The Order of Discalced Augustinians (; abbreviation: OAD) is a mendicant order that branched off from the Order of Saint Augustine as a reform movement.

History
During the Counter-Reformation, there was a special interest among the Augustinian friars in the theological debates of the day, as well as a need to return to the roots of their way of life. 

In an effort to seek a more simple and spiritual life, various friars banded together and followed a pattern seen in other mendicant orders, in which simplicity of dress and a stricter form of a life of prayer and penance were embraced. The Discalced Augustinians were formed in 1610 in Italy as a reform movement of the Order and have their own constitutions, differing from those of the other Augustinians.   

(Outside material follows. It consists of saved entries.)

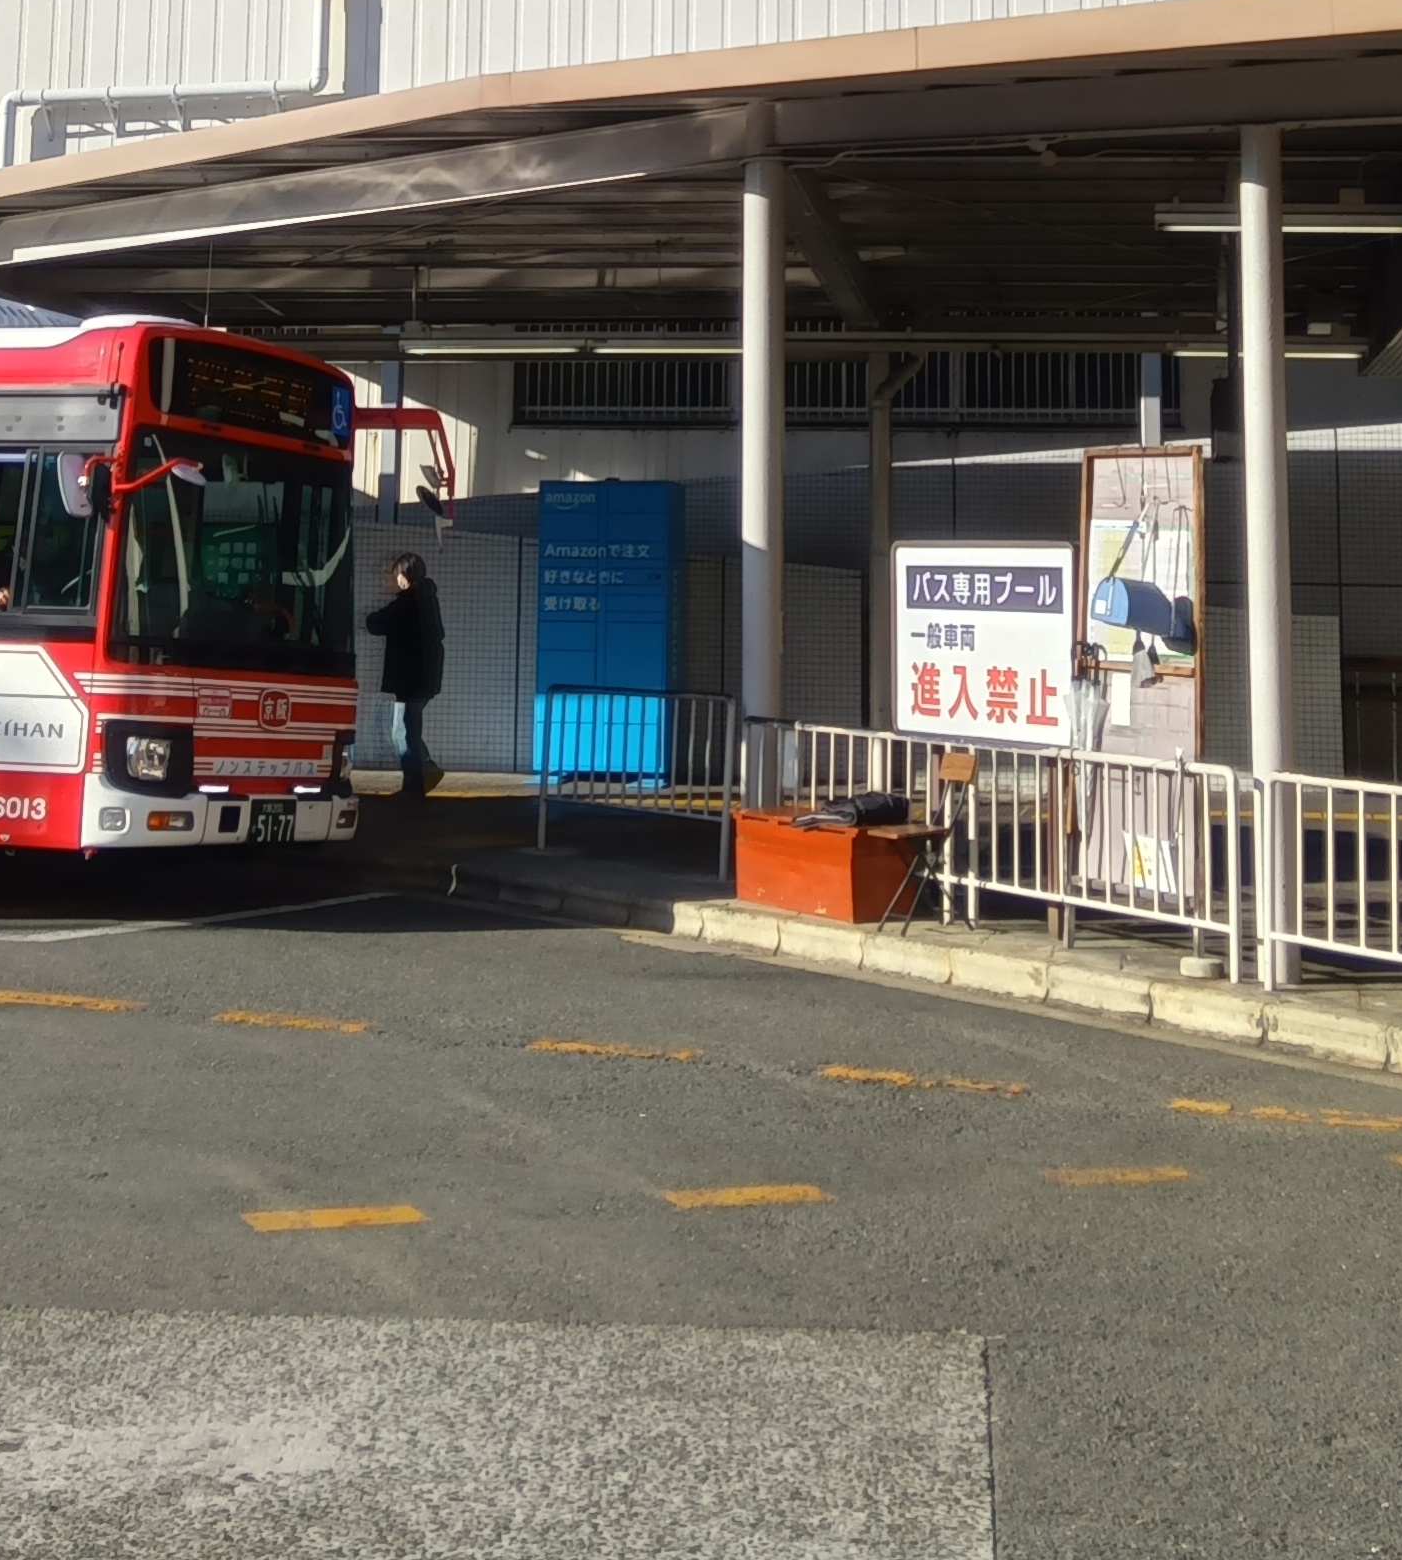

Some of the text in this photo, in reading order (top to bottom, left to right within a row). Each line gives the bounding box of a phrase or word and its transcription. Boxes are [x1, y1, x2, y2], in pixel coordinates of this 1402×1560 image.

[544, 491, 596, 504] amazon
[544, 542, 651, 559] Amazonで注文
[543, 569, 625, 585] 好きなときに
[911, 570, 1057, 607] バス専用プール
[543, 595, 601, 612] 受け取る
[910, 621, 976, 652] 一般車両
[910, 661, 1059, 727] 進入禁止
[263, 697, 288, 721] 京阪
[215, 760, 318, 775] ノンステップバス

Among the Augustinians, there also was an effort to return to the eremitical origins of their Order. Their fasts are more rigorous and their other ascetic practices stricter. As with the Carmelite reform of the same period, these friars came to be known by their practice of wearing sandals, as opposed to shoes (thus the term discalced or barefoot), in an effort to live more like the poor.

This reform was approved by the 100th General Chapter of the Augustinian friars, which was held during May 1592 at the Friary of St. Augustine in Rome, motherhouse of the entire Order. The new branch which thus developed was approved by the Vatican as a separate Order in 1610.

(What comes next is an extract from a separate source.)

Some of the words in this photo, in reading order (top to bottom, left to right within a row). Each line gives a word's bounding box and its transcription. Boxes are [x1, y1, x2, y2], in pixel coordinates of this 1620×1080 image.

Their current motherhouse is in Rome. Discalced Augustinians take a special fourth vow of humility. 

As of 2018, there were about 220 friars, of which 144 were priests, in 38 houses located in Italy, Brazil and the Philippines.

Nuns
Towards the end of the 16th century communities of female Discalced Augustinians appeared in Spain. The first convent, that of the Visitation, was founded at Madrid, in 1589, by Prudencia Grillo, a lady of noble birth, and received its Constitution from Father Alfonso of Orozco. Juan de Ribera, Archbishop of Valencia (d. 1611), founded a second Discalced Augustinian congregation at Alcoy, in 1597. It soon had houses in different parts of Spain, and in 1663 was established at Lisbon by Queen Louise of Portugal. In addition to the Rule of St. Augustine these religious observed the exercises of the Reformed Carmelites of St. Teresa.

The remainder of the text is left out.